To submit your data you will need to install the cfde-submit
tool
To avoid potential conflicts, we recommended installing cfde-submit from within a Python 3 virtual environment (more info)
To install the tool:
pip3 install cfde-submit
To use the tool, give it the path to the directory containing all 22 tables plus the required JSON schema file:
cfde-submit run PATH/TO/DIRECTORY
See the full cfde-submit documentation for more information.
Note that only users who have been onboarded as Data Submitters for a DCC will be able to successfully run the cfde-submit tool.

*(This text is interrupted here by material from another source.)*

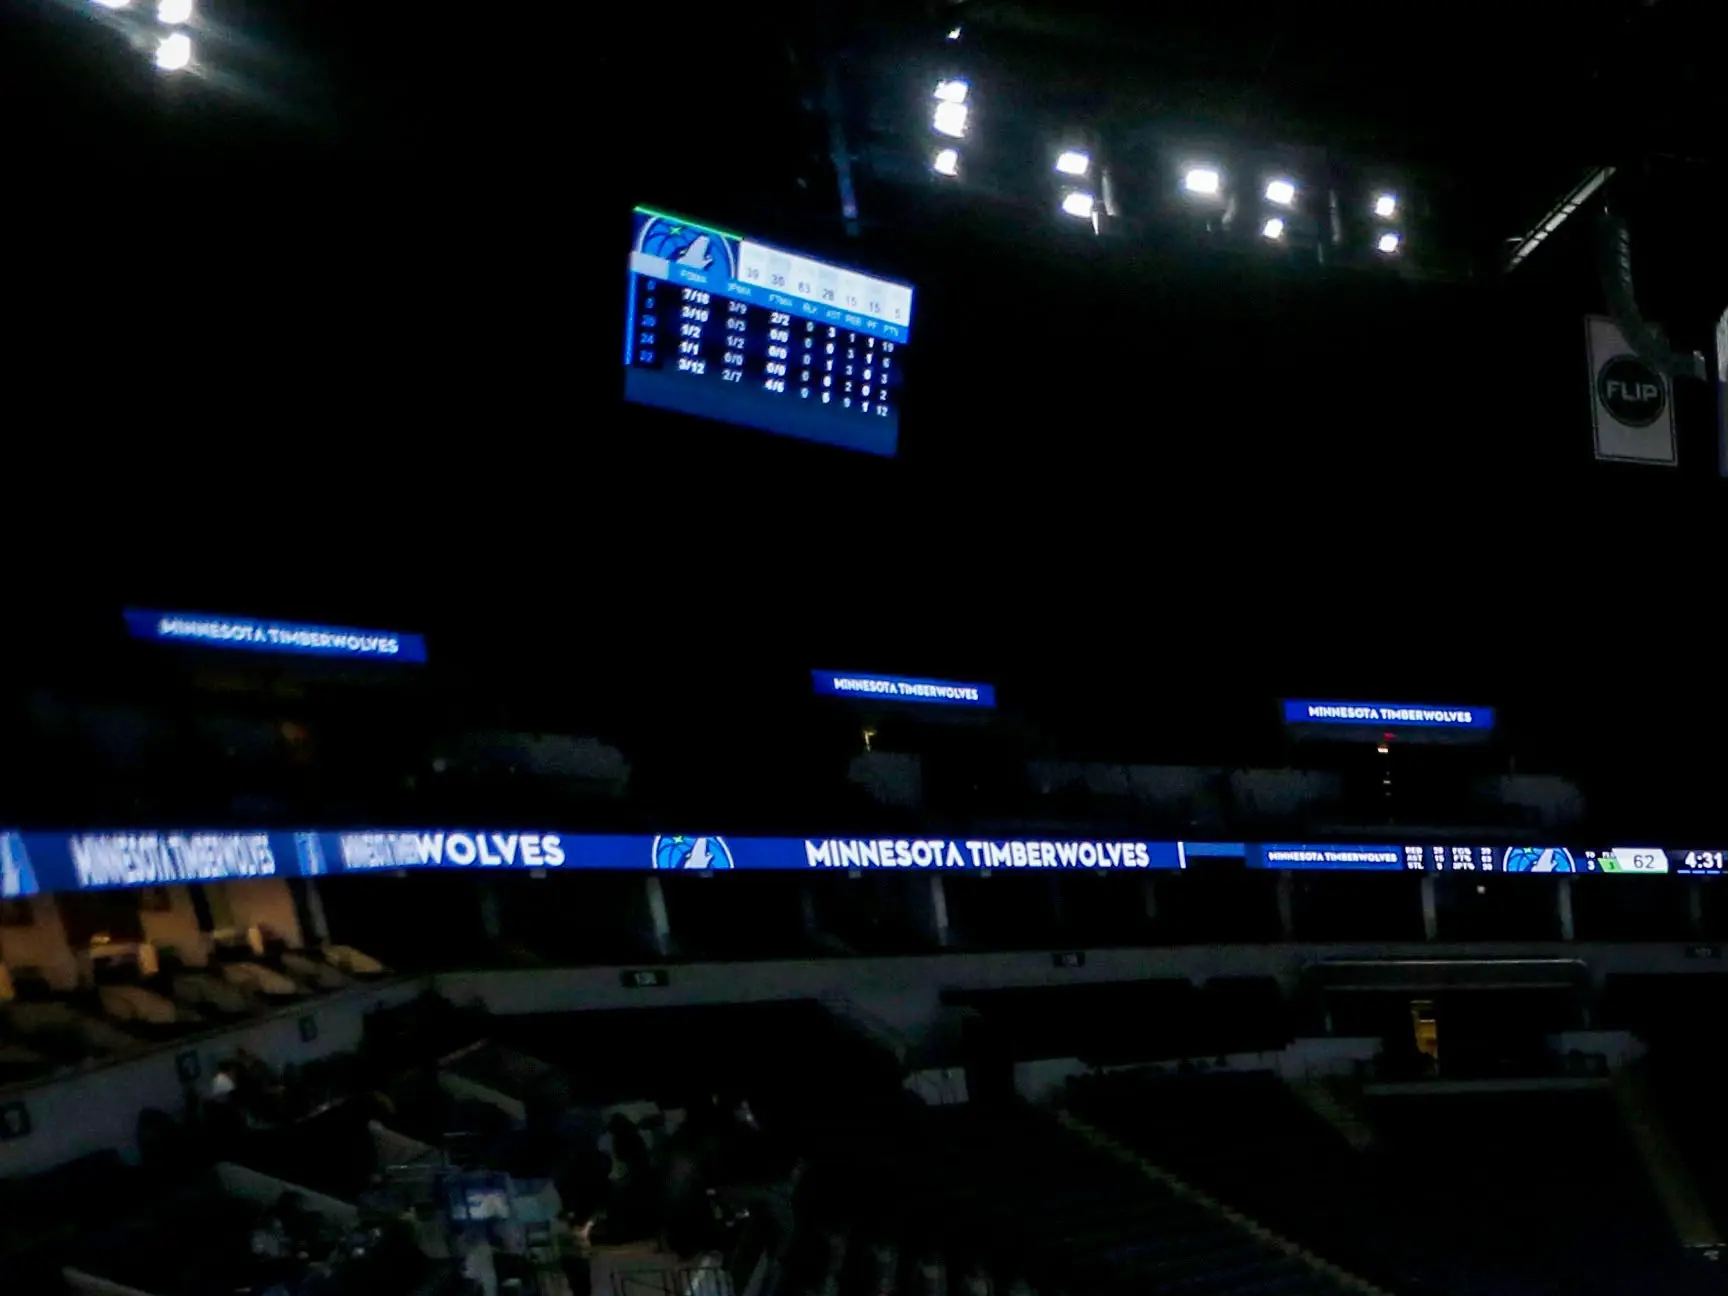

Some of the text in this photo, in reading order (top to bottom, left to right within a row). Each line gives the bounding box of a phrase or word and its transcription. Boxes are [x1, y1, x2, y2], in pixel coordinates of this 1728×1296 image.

Our submission system runs the frictionless validator on our servers as part of the submission process. You do not need to install or run frictionless to use our tool, however if you would like to use the validator locally, you can install it using these commands:
pip install frictionless
if that command fails try:
pip install frictionless-py
frictionless validate PATH/TO/JSON_FILE_IN_DIRECTORY
Once a datapackage has been submitted you can view it in the portal to see how it will appear for portal users. See How to review your datapackage for more details.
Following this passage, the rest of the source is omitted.